Bicameral legislature body of the Australian state

The Parliament of Western Australia is the bicameral legislature of the Australian state of Western Australia, which constitutes the legislative branch of the state's political system. The parliament consists of the King (represented by the governor), the Legislative Council (the upper house) and the Legislative Assembly (the lower house). The two houses of parliament sit in Parliament House in the state capital, Perth.

For a bill to become law, it must be passed by both the Legislative Council and the Legislative Assembly, and receive royal assent from the Governor.

The party or coalition commanding the support of a majority of the members of the Legislative Assembly is invited by the governor to form government.
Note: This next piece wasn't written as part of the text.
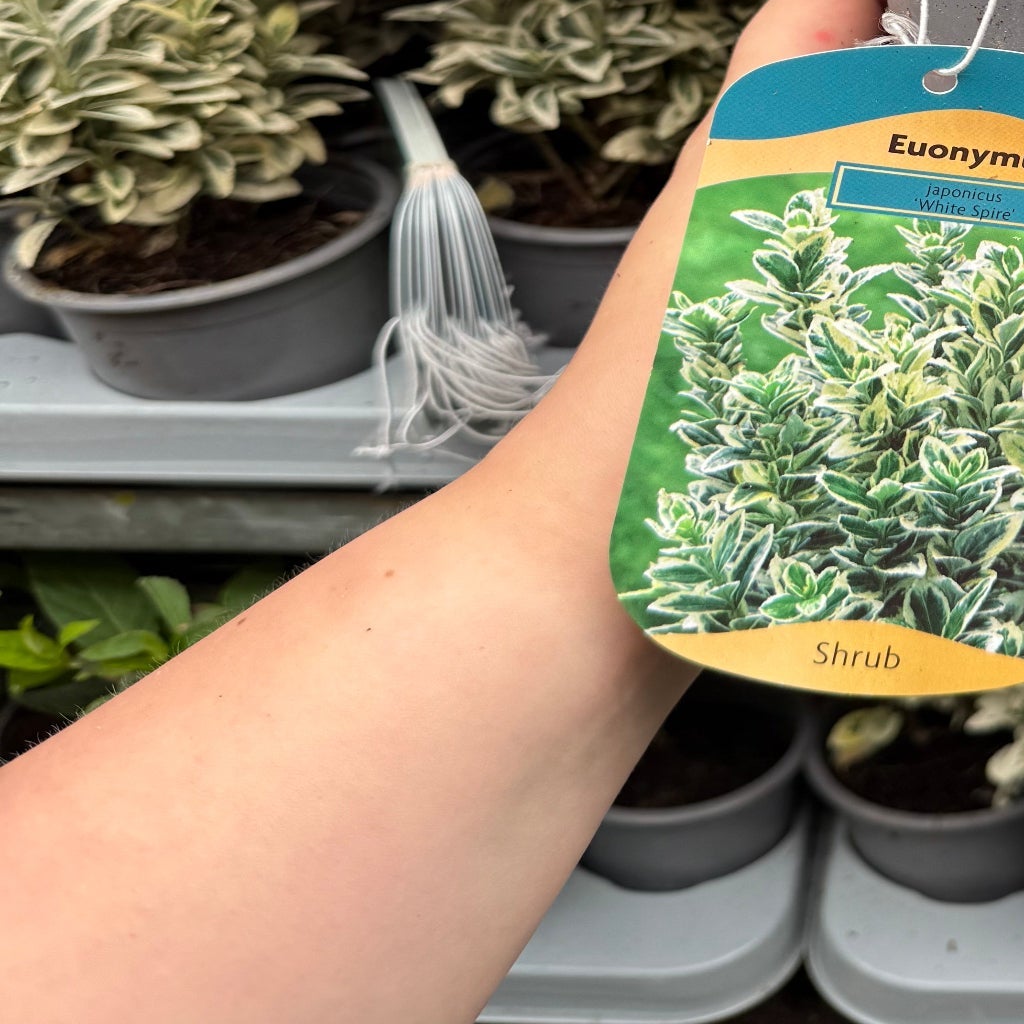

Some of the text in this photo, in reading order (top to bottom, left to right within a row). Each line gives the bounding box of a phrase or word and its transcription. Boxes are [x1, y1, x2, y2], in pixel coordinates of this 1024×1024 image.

[925, 183, 1003, 203] japonicus
[914, 197, 1015, 221] 'White Spire'
[813, 641, 901, 669] Shrub
The head of government holds the office of Premier of Western Australia.

Currently, the Legislative Council has 37 members elected for four-year terms from multi-member constituencies by proportional representation, and the Legislative Assembly has 59 members, elected for four-year terms from single-member constituencies, using preferential voting. As with all other Australian states and territories, enrolment to vote and voting for both Houses is compulsory for all resident Australian citizens—and eligible British citizens (i.e., those permanently resident and on the electoral roll prior to the passage of the Australia Act)—who are over the legal voting age of 18.

==History==
The Western Australian Legislative Council was created in 1832 as an appointed body, initially including the governor as a member. In 1870 the then colony was ruled by a governor and an advisory Legislative Council made up of appointed officials and elected members. The Western Australian Legislative Assembly was created in 1890 when the then colony attained self-government. The first premier was John Forrest, who held office until 1901.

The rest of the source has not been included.